Required work: The answer must be an exact copy of the records below, with every picture left out.

Images for object localization:
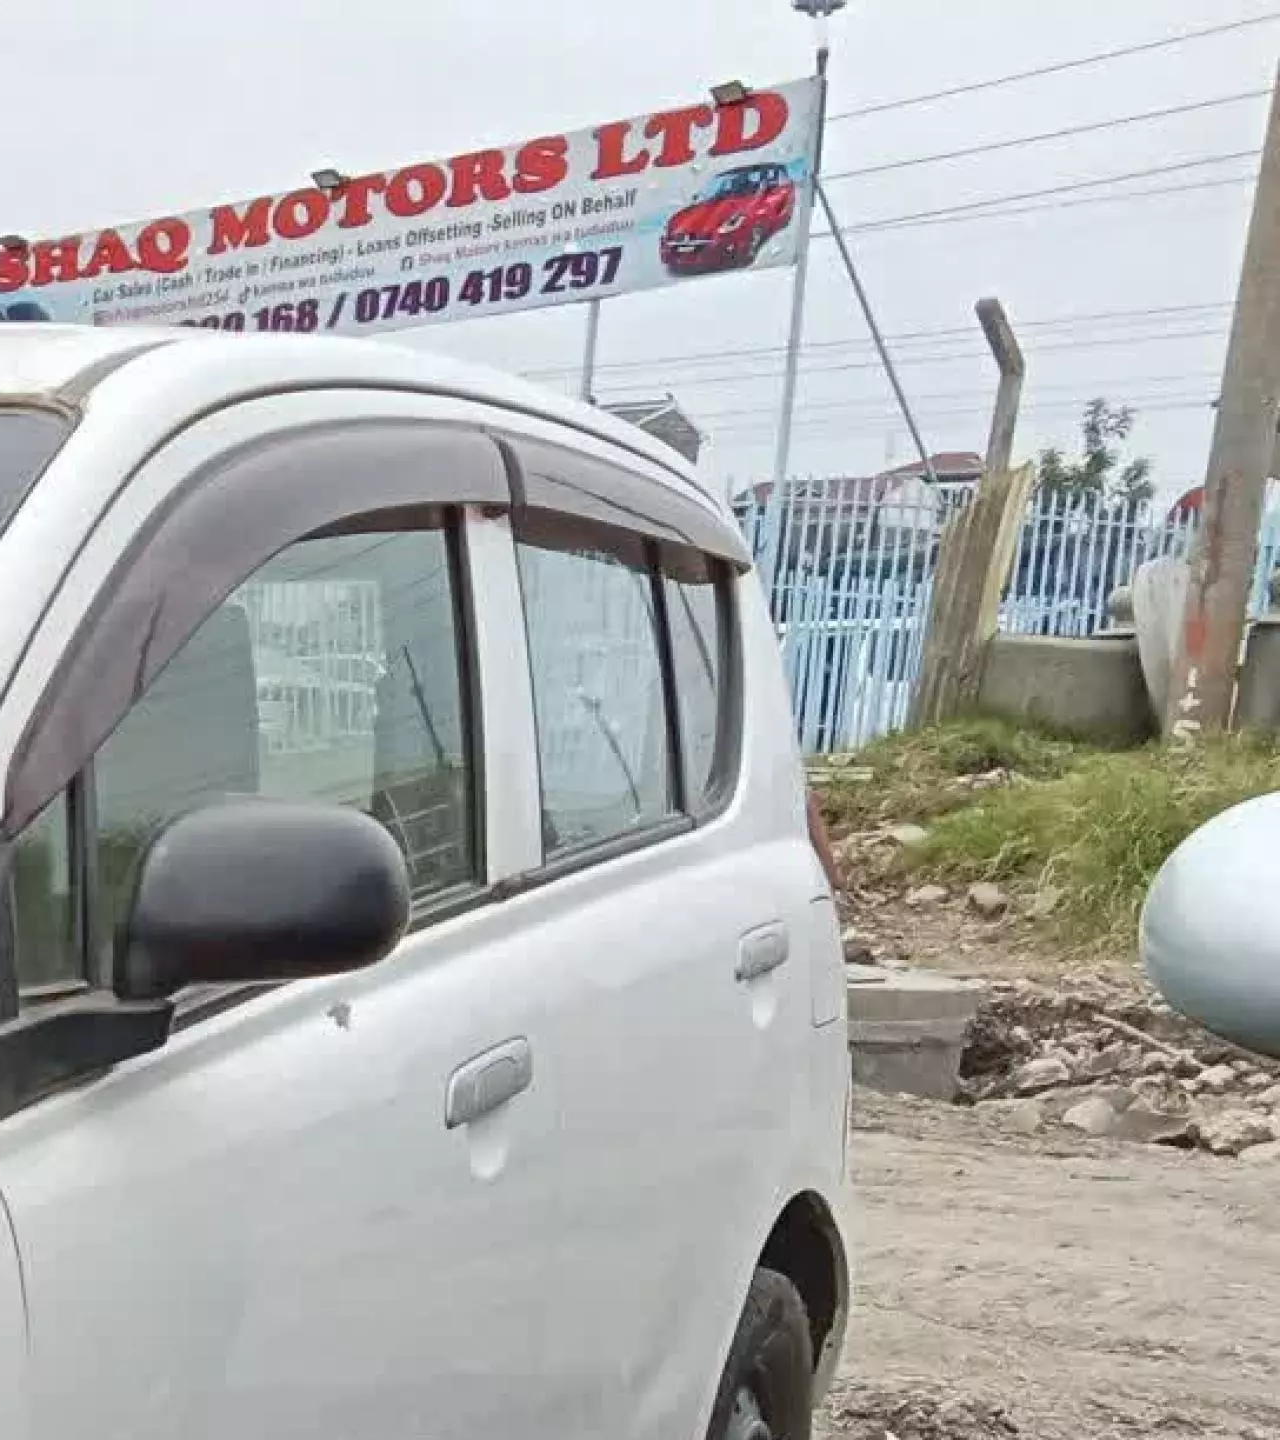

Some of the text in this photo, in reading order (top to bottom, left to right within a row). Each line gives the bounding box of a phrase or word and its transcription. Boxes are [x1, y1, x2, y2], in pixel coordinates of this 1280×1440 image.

[206, 135, 569, 256] MOTORS
[592, 91, 788, 180] LTD
[204, 264, 243, 283] Trade
[357, 234, 401, 257] Loans
[405, 220, 483, 247] Offsetting
[551, 199, 576, 221] ON
[581, 188, 638, 215] Behalf
[253, 298, 319, 332] 168
[326, 291, 348, 329] /
[355, 276, 450, 323] 0740
[458, 262, 533, 305] 419
[540, 246, 623, 294] 297
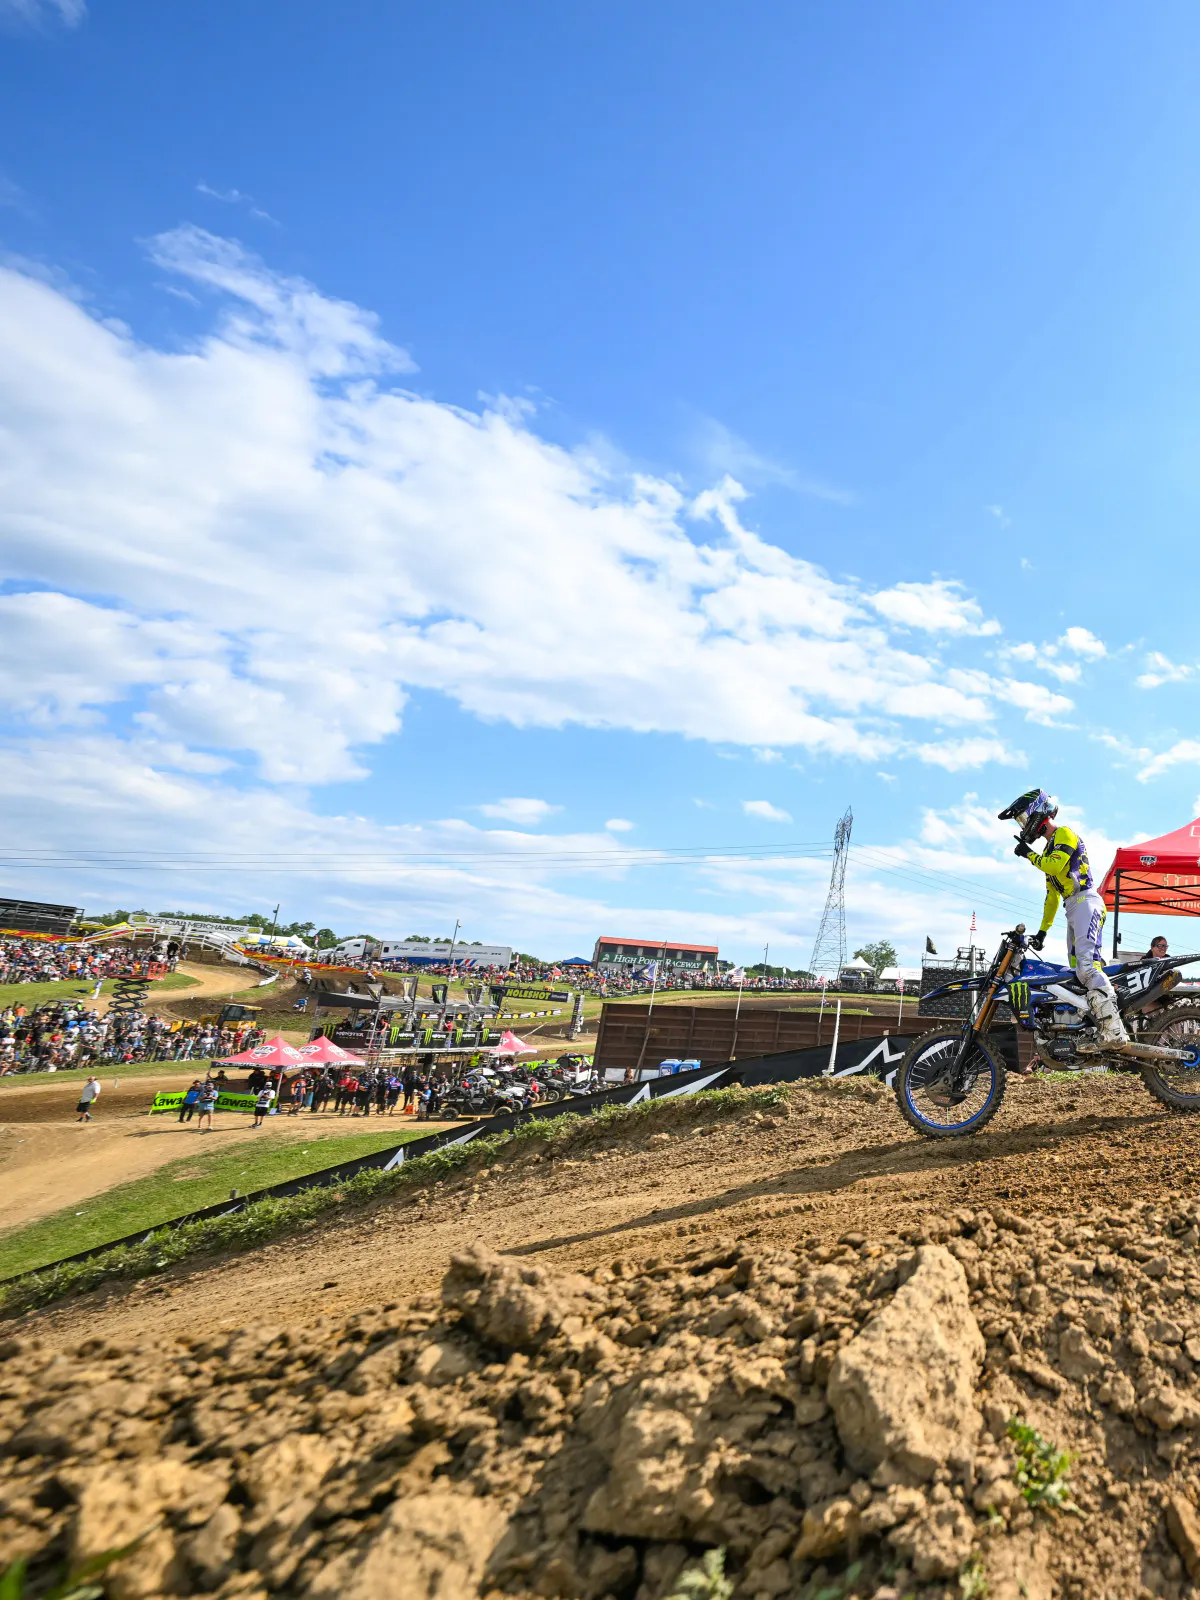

Answer space:
Some of the text in this photo, in reading order (top to bottom, left to right within a row). Each line gives the bounding box of a phrase or word and its transcription. Boxes are [x1, y1, x2, y2], in pixel coordinates of this 1280×1440 image.

[206, 135, 569, 256] MOTORS
[592, 91, 788, 180] LTD
[204, 264, 243, 283] Trade
[357, 234, 401, 257] Loans
[405, 220, 483, 247] Offsetting
[551, 199, 576, 221] ON
[581, 188, 638, 215] Behalf
[253, 298, 319, 332] 168
[326, 291, 348, 329] /
[355, 276, 450, 323] 0740
[458, 262, 533, 305] 419
[540, 246, 623, 294] 297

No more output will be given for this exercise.